Esta técnica é ideal para áreas adjacentes a rios ou canais de irrigação onde o lençol freático permanece profundo mesmo após as monções e onde o abastecimento de água é baixo. Um esquema de um sistema típico de inundação é mostrado na Figura 5, onde para garantir tempo de contato suficiente e propagação da água, aterros são fornecidos em dois lados para direcionar a água superficial não utilizada para um canal de retorno, que transporta o excesso de água do córrego para um canal. (CGWB, 2007). Isto implica uma pequena quantidade disponível para armazenamento de água e muitas vezes é preciso tomar medidas para evitar o acúmulo de água nos canais de drenagem.
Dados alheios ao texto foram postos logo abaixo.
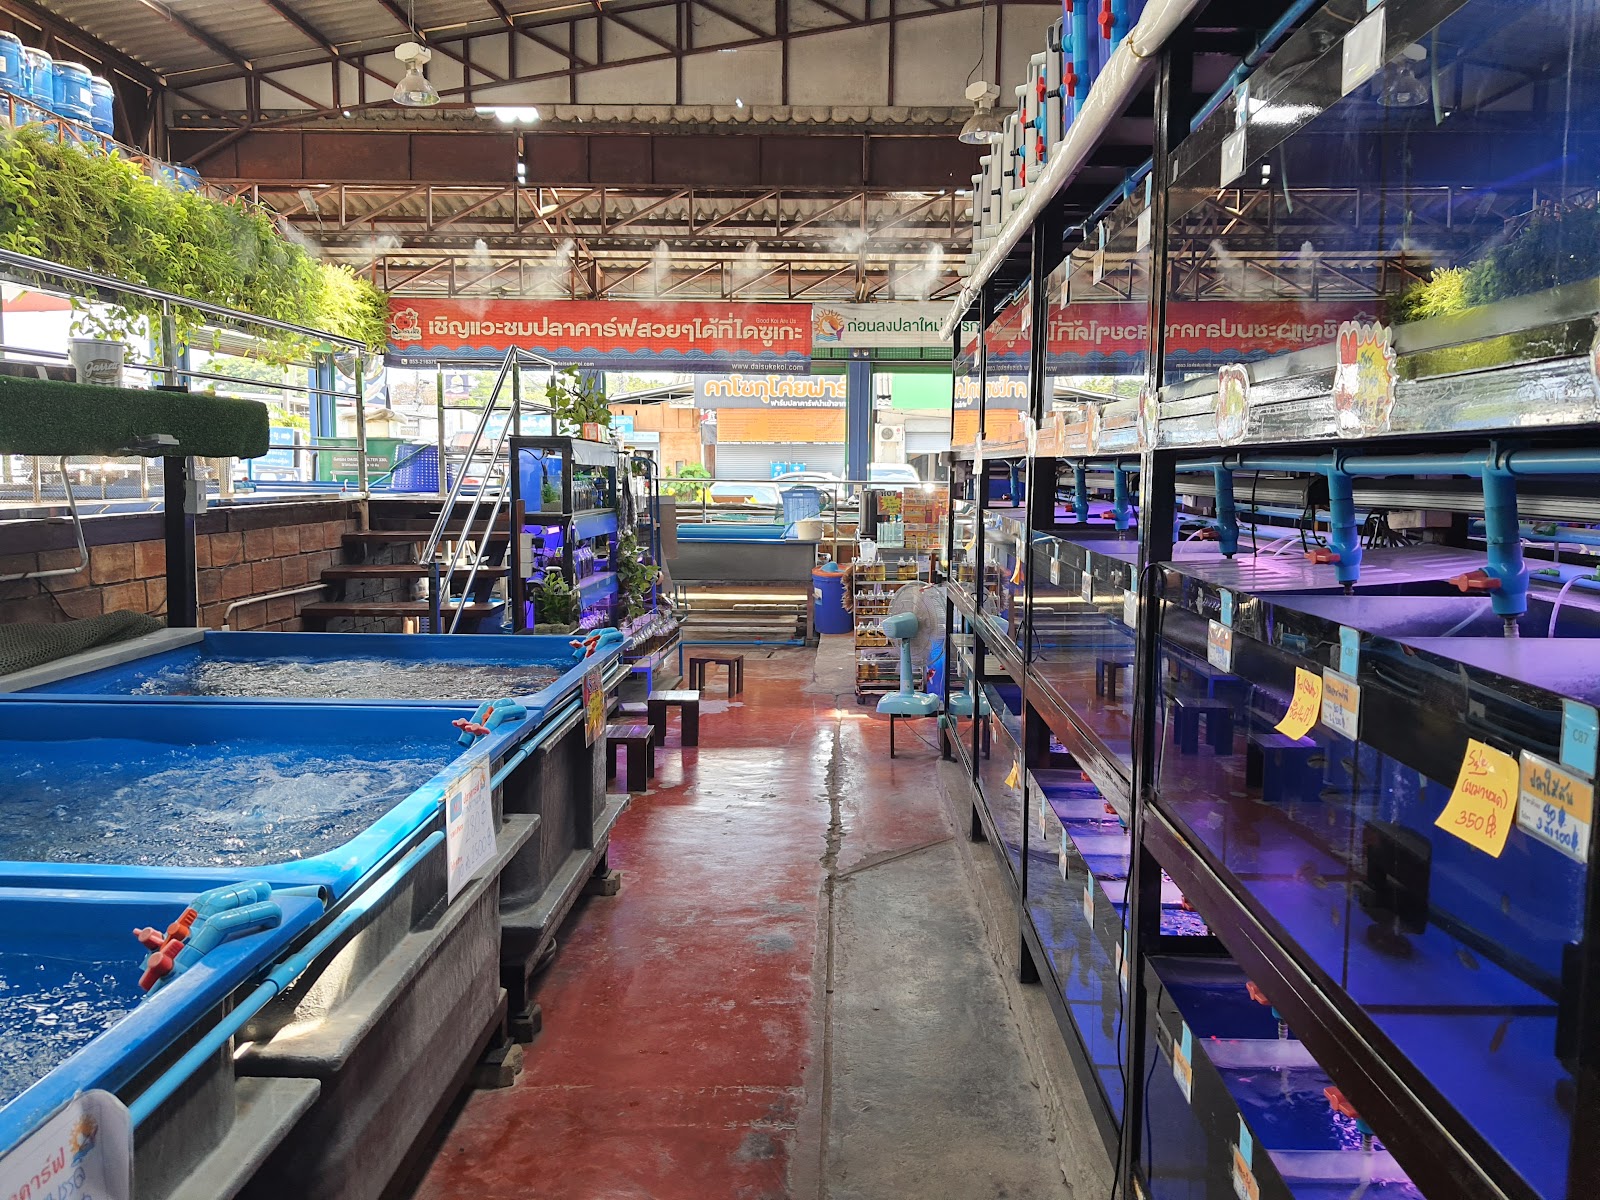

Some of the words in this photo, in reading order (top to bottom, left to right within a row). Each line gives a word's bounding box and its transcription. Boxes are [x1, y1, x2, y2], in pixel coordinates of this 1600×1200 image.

Os sistemas de infiltração para recarga artificial de águas subterrâneas ou sistemas SAT para tratamento e manutenção da qualidade degradada da água devem ser adaptados à hidrogeologia local, à qualidade da água recebida e ao clima. A instalação de recarga proposta baseou-se na infiltração de água através do leito do rio Girona, por meio de estruturas de contenção localizadas no próprio leito do rio. Essas barragens liberam água através de tubos de descarga para os trechos a jusante do rio, recarregando assim a água no aquífero (figura 10).
Técnicas de recarga artificial na zona vadosa
Esses dispositivos são preenchidos com cascalho fino ou areia grossa, onde a água geralmente é fornecida por meio de um tubo perfurado ou blindado no meio (Figura 13). Segundo Bouwer (2002), é possível vislumbrar a possibilidade de comaltação de determinadas águas destinadas à recarga artificial, sendo que o método mais adequado para mitigar esse problema é impedir essa água de recarga antes de sua introdução no aquífero, por meio da remoção de sólidos matéria, carbono orgânico em suspensão que pode assimilar, nutrientes e microorganismos, bem como entrada de cloro para manter o nível de resíduos no poço, o que reduz a atividade microbiana. As trincheiras de carregamento são estruturas escavadas com uma retroescavadeira e normalmente têm de 1 metro de largura a 5 metros de profundidade.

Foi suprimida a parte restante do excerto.